REQUIRED WORK: Every entry below must be transcribed word for word, and the images must be left out.

ENTRIES SHOWN:
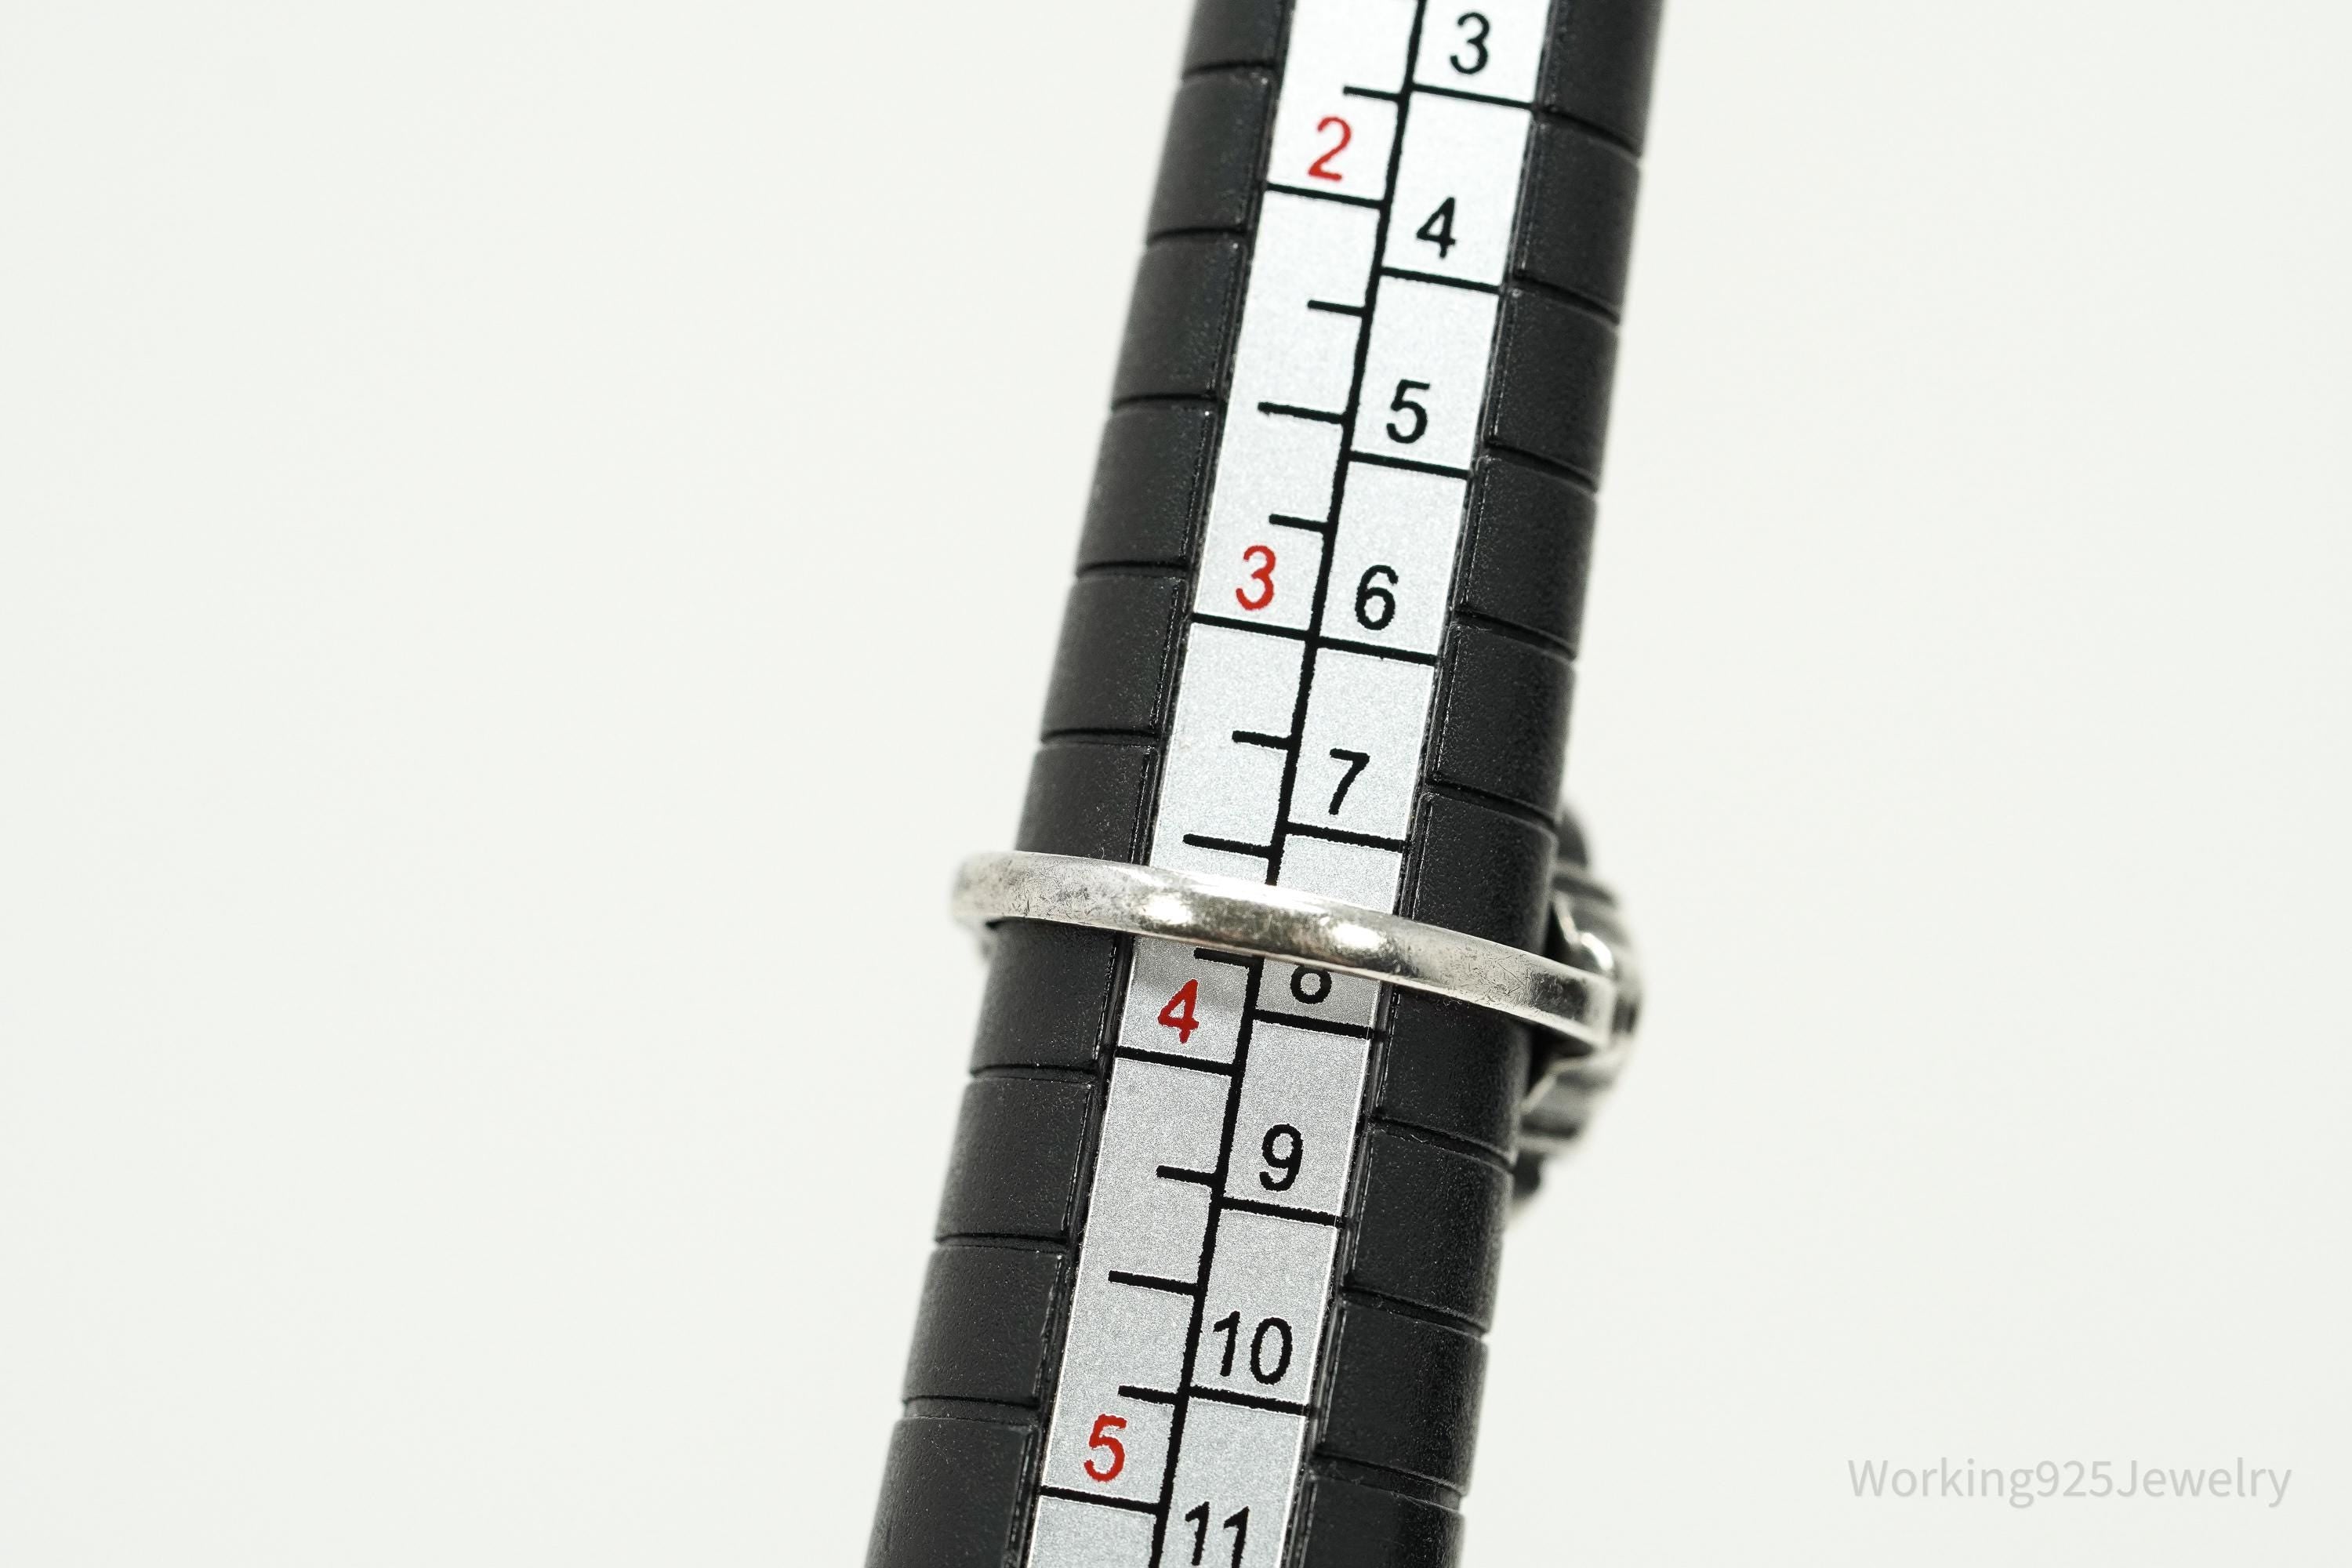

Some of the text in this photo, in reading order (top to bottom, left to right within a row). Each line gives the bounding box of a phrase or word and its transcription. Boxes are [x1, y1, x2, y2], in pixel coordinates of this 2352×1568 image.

[1449, 11, 1490, 76] 3
[1308, 116, 1352, 182] 2
[1415, 196, 1457, 260] 4
[1385, 378, 1431, 445] 5
[1235, 544, 1277, 612] 3
[1353, 564, 1399, 632] 6
[1327, 746, 1371, 817] 7
[1156, 978, 1200, 1045] 4
[1258, 1122, 1305, 1193] 9
[1211, 1309, 1294, 1387] 10
[1083, 1413, 1128, 1483] 5
[1184, 1500, 1250, 1568] 11

RESULT:
Some of the text in this photo, in reading order (top to bottom, left to right within a row). Each line gives the bounding box of a phrase or word and its transcription. Boxes are [x1, y1, x2, y2], in pixel coordinates of this 2352×1568 image.

[1449, 11, 1490, 76] 3
[1308, 116, 1352, 182] 2
[1415, 196, 1457, 260] 4
[1385, 378, 1431, 445] 5
[1235, 544, 1277, 612] 3
[1353, 564, 1399, 632] 6
[1327, 746, 1371, 817] 7
[1156, 978, 1200, 1045] 4
[1258, 1122, 1305, 1193] 9
[1211, 1309, 1294, 1387] 10
[1083, 1413, 1128, 1483] 5
[1184, 1500, 1250, 1568] 11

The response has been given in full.